My pleasure. Thanks for letting me know you stopped by via Laurie. She and I connected last October. She’s a good one! My beach walks are meant to be relaxing and thought-provoking, if you think you may enjoy that sort of thing, I invite you to return.
I absolutely love this. I have a NOLA friend and neighbor who will be baking a king cake this weekend. I’ve sent this to her in hopes they might decorate their house in suburban Philadelphia. Don’t need $15K!
I saw that phrase “King Cake” in the story. What is it?

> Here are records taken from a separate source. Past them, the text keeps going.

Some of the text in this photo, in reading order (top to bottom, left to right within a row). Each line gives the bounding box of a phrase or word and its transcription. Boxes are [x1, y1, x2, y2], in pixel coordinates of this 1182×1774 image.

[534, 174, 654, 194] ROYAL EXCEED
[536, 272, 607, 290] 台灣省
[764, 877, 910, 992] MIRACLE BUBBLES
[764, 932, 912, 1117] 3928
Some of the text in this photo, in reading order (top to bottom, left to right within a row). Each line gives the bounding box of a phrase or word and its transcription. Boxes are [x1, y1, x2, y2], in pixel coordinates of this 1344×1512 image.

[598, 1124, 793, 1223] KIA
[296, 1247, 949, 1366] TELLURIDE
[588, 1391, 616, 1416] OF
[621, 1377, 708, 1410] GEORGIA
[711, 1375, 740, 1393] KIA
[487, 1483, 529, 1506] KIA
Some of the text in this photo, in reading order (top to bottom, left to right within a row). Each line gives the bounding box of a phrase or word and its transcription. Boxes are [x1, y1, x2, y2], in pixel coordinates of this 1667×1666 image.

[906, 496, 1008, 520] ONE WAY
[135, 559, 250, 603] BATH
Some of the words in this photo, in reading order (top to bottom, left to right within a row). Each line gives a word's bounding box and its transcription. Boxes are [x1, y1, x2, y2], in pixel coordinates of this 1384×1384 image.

It’s a special kind of cake that has a tiny baby in it somewhere. The baby is sometimes porcelain, in this day and age plastic. Whoever gets the baby in their piece will have good luck in the coming year, or might have to host the next years’ Mardi Gras celebration. In my former church we would have our king cake on 1 Epiphany or close to it. The person who got the baby would be the King or Queen of our Mardi Gras talent show, held on Shrove Tuesday (day before Ash Wednesday). I was one of the producers of the talent show, and we took great pains to insure that the “right” (ie appropriately talented) person got the baby, after a couple of disasters. Actually, Nick (age 10) was quite wonderful at it, but was missing a lot of the double entendres and things to which we had become accustomed. That talent show lasted about 8 years and remains a major highlight in my adult life.
Oh, what a fantastic story. Loving it!